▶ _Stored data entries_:

::::::::

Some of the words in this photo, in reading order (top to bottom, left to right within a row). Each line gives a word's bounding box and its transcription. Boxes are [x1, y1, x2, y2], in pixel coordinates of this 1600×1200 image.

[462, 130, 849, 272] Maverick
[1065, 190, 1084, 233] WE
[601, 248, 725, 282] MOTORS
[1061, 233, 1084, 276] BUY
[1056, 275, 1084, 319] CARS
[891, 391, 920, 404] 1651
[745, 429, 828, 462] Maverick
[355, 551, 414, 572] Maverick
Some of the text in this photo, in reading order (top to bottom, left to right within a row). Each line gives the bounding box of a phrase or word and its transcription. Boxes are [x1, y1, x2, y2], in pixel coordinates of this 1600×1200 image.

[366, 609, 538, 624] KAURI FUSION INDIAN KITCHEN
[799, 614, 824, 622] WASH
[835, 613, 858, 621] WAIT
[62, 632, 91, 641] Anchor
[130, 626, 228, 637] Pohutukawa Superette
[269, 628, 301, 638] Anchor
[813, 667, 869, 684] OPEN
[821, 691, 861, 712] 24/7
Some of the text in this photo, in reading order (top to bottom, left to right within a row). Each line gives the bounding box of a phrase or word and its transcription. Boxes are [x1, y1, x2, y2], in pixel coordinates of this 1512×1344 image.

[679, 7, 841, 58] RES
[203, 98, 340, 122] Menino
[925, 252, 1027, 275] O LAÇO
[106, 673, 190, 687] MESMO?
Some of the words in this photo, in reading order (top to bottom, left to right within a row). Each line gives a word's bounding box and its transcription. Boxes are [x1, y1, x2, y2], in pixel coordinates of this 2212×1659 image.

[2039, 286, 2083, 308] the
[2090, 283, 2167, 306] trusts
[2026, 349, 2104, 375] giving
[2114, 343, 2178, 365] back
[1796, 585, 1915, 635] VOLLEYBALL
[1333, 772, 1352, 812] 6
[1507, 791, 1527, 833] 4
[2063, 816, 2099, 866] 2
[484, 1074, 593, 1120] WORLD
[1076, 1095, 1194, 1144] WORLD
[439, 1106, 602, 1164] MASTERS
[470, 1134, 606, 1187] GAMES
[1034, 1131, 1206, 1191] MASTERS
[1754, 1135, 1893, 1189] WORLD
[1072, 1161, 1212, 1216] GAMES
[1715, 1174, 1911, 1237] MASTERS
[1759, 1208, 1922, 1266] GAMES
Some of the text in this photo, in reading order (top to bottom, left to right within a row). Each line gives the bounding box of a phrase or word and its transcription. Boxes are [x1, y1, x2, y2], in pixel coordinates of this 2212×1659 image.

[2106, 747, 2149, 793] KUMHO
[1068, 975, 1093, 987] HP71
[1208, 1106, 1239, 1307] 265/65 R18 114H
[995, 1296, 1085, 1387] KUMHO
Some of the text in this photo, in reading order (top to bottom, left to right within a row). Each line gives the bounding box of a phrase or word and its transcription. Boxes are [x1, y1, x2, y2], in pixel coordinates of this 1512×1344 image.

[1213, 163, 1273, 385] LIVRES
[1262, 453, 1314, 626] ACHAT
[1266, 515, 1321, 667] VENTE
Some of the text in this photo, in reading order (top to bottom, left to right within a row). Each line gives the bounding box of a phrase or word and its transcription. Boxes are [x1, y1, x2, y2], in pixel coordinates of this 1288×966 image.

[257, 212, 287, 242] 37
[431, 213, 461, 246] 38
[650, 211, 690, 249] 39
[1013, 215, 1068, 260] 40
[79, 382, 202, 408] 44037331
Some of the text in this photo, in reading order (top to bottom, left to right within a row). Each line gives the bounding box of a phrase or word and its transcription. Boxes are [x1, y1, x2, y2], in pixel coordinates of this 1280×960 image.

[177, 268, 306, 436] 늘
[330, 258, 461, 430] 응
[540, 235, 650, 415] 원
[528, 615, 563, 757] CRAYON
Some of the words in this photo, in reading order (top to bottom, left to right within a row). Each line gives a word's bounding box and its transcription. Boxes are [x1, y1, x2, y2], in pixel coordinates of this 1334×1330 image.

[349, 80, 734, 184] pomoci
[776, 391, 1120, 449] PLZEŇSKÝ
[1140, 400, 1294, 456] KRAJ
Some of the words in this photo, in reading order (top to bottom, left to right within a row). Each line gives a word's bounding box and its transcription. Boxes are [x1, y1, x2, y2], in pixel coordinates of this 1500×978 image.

::::::::

Nothing in the data may be left out; copy every line exactly.

▶ _Answer box_:
Some of the words in this photo, in reading order (top to bottom, left to right within a row). Each line gives a word's bounding box and its transcription. Boxes are [x1, y1, x2, y2], in pixel coordinates of this 1600×1200 image.

[462, 130, 849, 272] Maverick
[1065, 190, 1084, 233] WE
[601, 248, 725, 282] MOTORS
[1061, 233, 1084, 276] BUY
[1056, 275, 1084, 319] CARS
[891, 391, 920, 404] 1651
[745, 429, 828, 462] Maverick
[355, 551, 414, 572] Maverick
Some of the text in this photo, in reading order (top to bottom, left to right within a row). Each line gives the bounding box of a phrase or word and its transcription. Boxes are [x1, y1, x2, y2], in pixel coordinates of this 1600×1200 image.

[366, 609, 538, 624] KAURI FUSION INDIAN KITCHEN
[799, 614, 824, 622] WASH
[835, 613, 858, 621] WAIT
[62, 632, 91, 641] Anchor
[130, 626, 228, 637] Pohutukawa Superette
[269, 628, 301, 638] Anchor
[813, 667, 869, 684] OPEN
[821, 691, 861, 712] 24/7
Some of the text in this photo, in reading order (top to bottom, left to right within a row). Each line gives the bounding box of a phrase or word and its transcription. Boxes are [x1, y1, x2, y2], in pixel coordinates of this 1512×1344 image.

[679, 7, 841, 58] RES
[203, 98, 340, 122] Menino
[925, 252, 1027, 275] O LAÇO
[106, 673, 190, 687] MESMO?
Some of the words in this photo, in reading order (top to bottom, left to right within a row). Each line gives a word's bounding box and its transcription. Boxes are [x1, y1, x2, y2], in pixel coordinates of this 2212×1659 image.

[2039, 286, 2083, 308] the
[2090, 283, 2167, 306] trusts
[2026, 349, 2104, 375] giving
[2114, 343, 2178, 365] back
[1796, 585, 1915, 635] VOLLEYBALL
[1333, 772, 1352, 812] 6
[1507, 791, 1527, 833] 4
[2063, 816, 2099, 866] 2
[484, 1074, 593, 1120] WORLD
[1076, 1095, 1194, 1144] WORLD
[439, 1106, 602, 1164] MASTERS
[470, 1134, 606, 1187] GAMES
[1034, 1131, 1206, 1191] MASTERS
[1754, 1135, 1893, 1189] WORLD
[1072, 1161, 1212, 1216] GAMES
[1715, 1174, 1911, 1237] MASTERS
[1759, 1208, 1922, 1266] GAMES
Some of the text in this photo, in reading order (top to bottom, left to right within a row). Each line gives the bounding box of a phrase or word and its transcription. Boxes are [x1, y1, x2, y2], in pixel coordinates of this 2212×1659 image.

[2106, 747, 2149, 793] KUMHO
[1068, 975, 1093, 987] HP71
[1208, 1106, 1239, 1307] 265/65 R18 114H
[995, 1296, 1085, 1387] KUMHO
Some of the text in this photo, in reading order (top to bottom, left to right within a row). Each line gives the bounding box of a phrase or word and its transcription. Boxes are [x1, y1, x2, y2], in pixel coordinates of this 1512×1344 image.

[1213, 163, 1273, 385] LIVRES
[1262, 453, 1314, 626] ACHAT
[1266, 515, 1321, 667] VENTE
Some of the text in this photo, in reading order (top to bottom, left to right within a row). Each line gives the bounding box of a phrase or word and its transcription. Boxes are [x1, y1, x2, y2], in pixel coordinates of this 1288×966 image.

[257, 212, 287, 242] 37
[431, 213, 461, 246] 38
[650, 211, 690, 249] 39
[1013, 215, 1068, 260] 40
[79, 382, 202, 408] 44037331
Some of the text in this photo, in reading order (top to bottom, left to right within a row). Each line gives the bounding box of a phrase or word and its transcription. Boxes are [x1, y1, x2, y2], in pixel coordinates of this 1280×960 image.

[177, 268, 306, 436] 늘
[330, 258, 461, 430] 응
[540, 235, 650, 415] 원
[528, 615, 563, 757] CRAYON
Some of the words in this photo, in reading order (top to bottom, left to right within a row). Each line gives a word's bounding box and its transcription. Boxes are [x1, y1, x2, y2], in pixel coordinates of this 1334×1330 image.

[349, 80, 734, 184] pomoci
[776, 391, 1120, 449] PLZEŇSKÝ
[1140, 400, 1294, 456] KRAJ
Some of the words in this photo, in reading order (top to bottom, left to right within a row). Each line gives a word's bounding box and its transcription. Boxes are [x1, y1, x2, y2], in pixel coordinates of this 1500×978 image.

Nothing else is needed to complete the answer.